The online tools of modern practice

Our transition to life online has been steadily growing for more than a quarter of a century. The trend began with news media and information, followed by social media and entertainment and more recently we are seeing private businesses increasing their online presence.


The reasoning makes sense – businesses can provide better service to their customers and greater convenience, while often improving efficiency within the business’ systems and processes. Non-consumer-facing management systems, meanwhile, create similar productivity boosts within a practice.


So why isn’t everyone doing this? Often, the answer is at least one of the following reasons:


  1. The business owner or staff have reservations about trying something new in a space they are not familiar with
  2. There is a skill or knowledge gap whereby the business owner is unsure of how to set up these systems
  3. There is a perception that the setup cost can be prohibitive compared to the return that can be expected from it


These obstacles should be taken into consideration when developing an online plan, but learning from those around you and leveraging existing services is prudent when deciding if, and how, you want to move into the online arena.

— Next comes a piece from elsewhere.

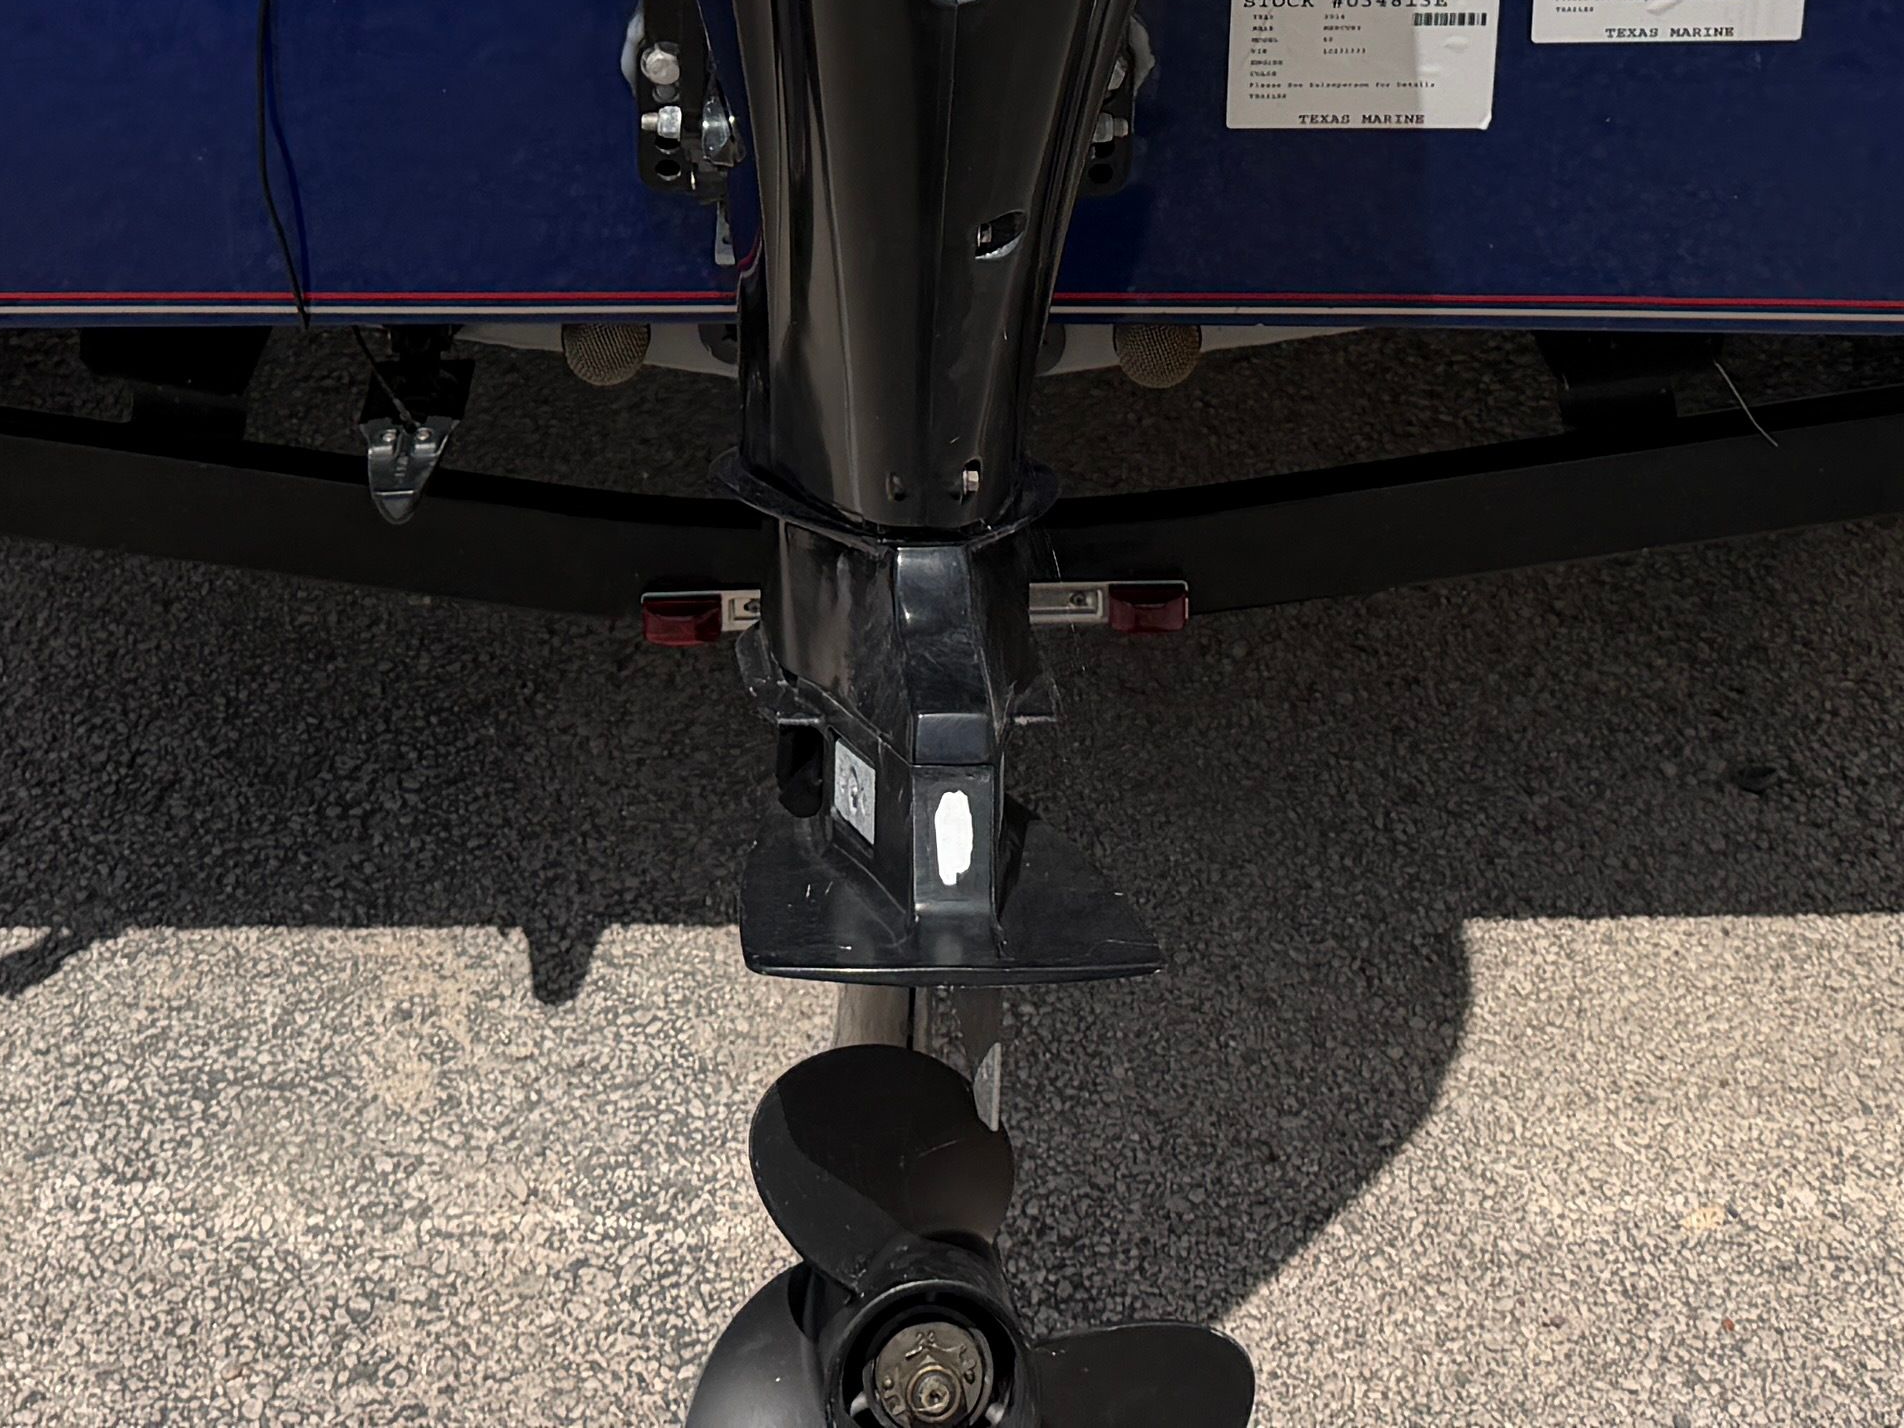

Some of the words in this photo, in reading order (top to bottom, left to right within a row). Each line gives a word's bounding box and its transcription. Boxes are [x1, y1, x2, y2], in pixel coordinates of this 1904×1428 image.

Optometry is experiencing a strong move towards online platforms; be it point-of-sale, management systems or sales platforms, the tools available are myriad. Many suppliers now offer portals that perform various functions, so investigate these first before investing time and money in creating anything bespoke.


The Independent Optometry Group (IOG) invests considerable time in systems development. We are in a unique position to assist with the pain points listed above, with our sole aim being that of adding value to our members' practices through efficiency and productivity. This allows them to be the strongest independent practice they can be, with some powerful streamlined support.

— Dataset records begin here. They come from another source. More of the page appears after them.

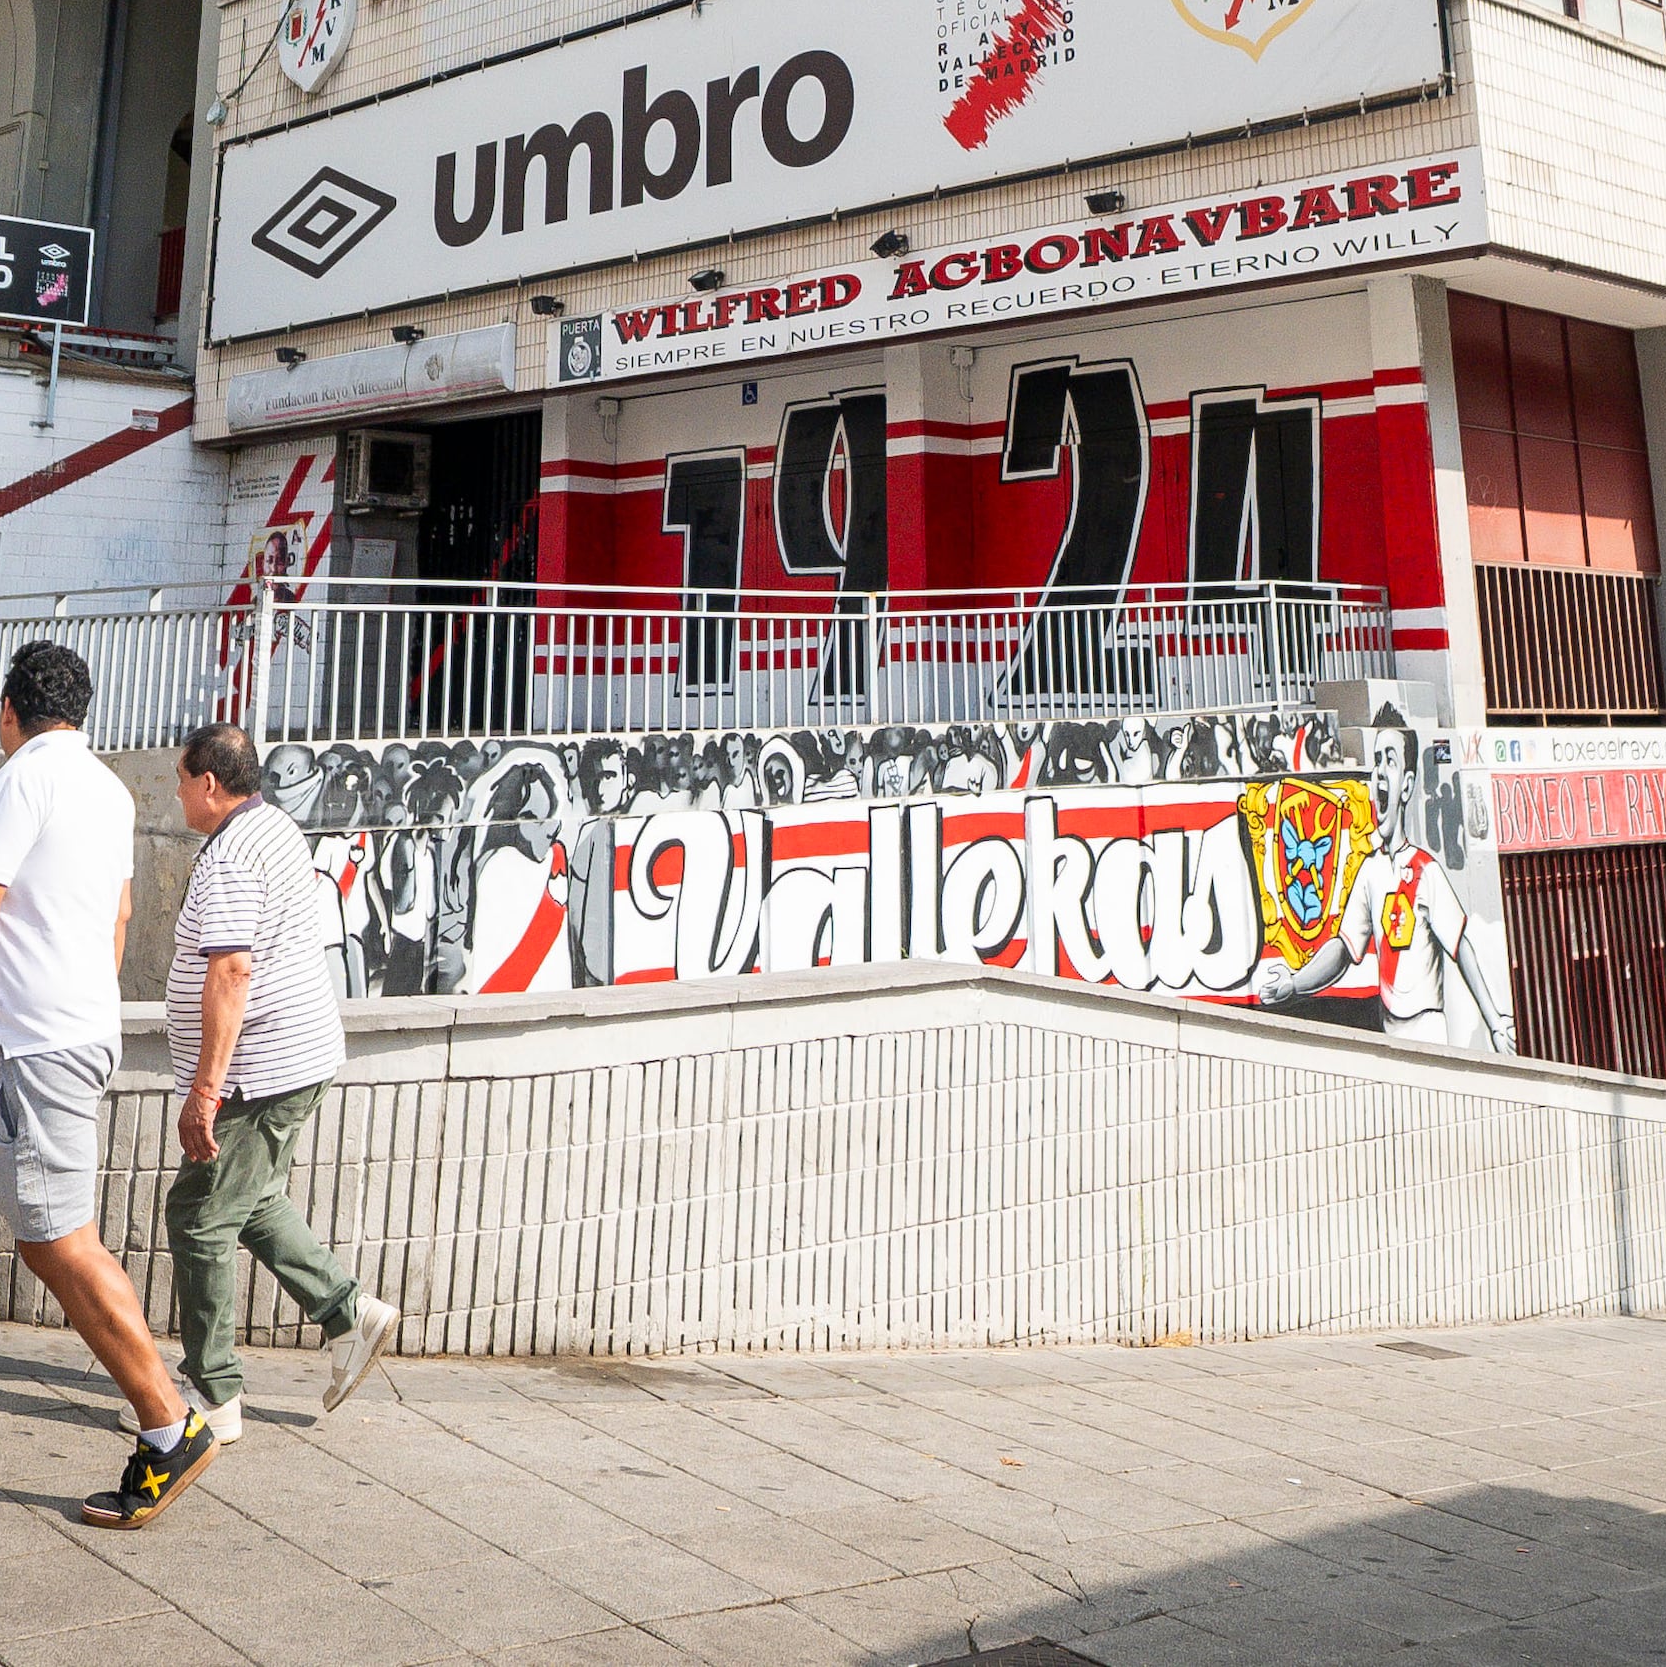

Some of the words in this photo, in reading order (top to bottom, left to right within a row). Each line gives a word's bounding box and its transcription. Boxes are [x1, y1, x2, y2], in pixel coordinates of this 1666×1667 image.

[937, 8, 1012, 39] OFICIAL
[937, 10, 1074, 57] RAYO
[938, 28, 1075, 74] VALLECANO
[939, 74, 964, 93] DE
[985, 47, 1075, 81] MADRID
[434, 50, 854, 247] umbro
[611, 273, 862, 344] WILFRED
[615, 342, 727, 372] SIEMPRE
[741, 335, 775, 353] EN
[791, 309, 930, 347] NUESTRO
[947, 275, 1136, 320] RECUERDO
[1161, 246, 1320, 285] ETERNO
[1332, 221, 1460, 258] WILLY
[562, 318, 601, 335] PUERTA
[1491, 777, 1577, 844] BOXEO
[1583, 774, 1619, 837] EL

Creating efficiencies is only one aspect, though - ultimately, the impetus for businesses employing online tools is to increase profits. An online platform can provide an easy, comfortable way to increase revenue, or maintain it, especially in a year like 2020, which was difficult for face-to-face time with patients, but it can also create new ways of generating revenue through different pricing models and play a key role in customer retention, which is critical to long-term practice sustainability. Ultimately, both points can reduce your risk profile as a practice, securing revenue amid disruption in the short and longer term.


IOG recently launched its Xpress Online service allowing practices to easily operate in this space. It’s early in its rollout but the ability to offer contact lenses to patients in this way is proving useful. What is more fruitful, though, is a functionality that is hard to replicate offline. Critically, it is the practice’s own online store and it controls all pricing and the products that it wishes to sell; the IOG simply provides the SaaS (Software as a Service) platform.


A subscription service that gives patients the option to pay for their goods more conveniently over a 12-month period instead of all-in-one-go is also a powerful proposition, as more payment options for the consumer are more likely to result in a decision to purchase.


In short, there are plenty of systems out there, including some IOG is developing, that allow independent optometry practices to better compete, using tools and systems similar to those created within the corporate sector, which support growth in line with the trends that match and reflect current consumer behaviour.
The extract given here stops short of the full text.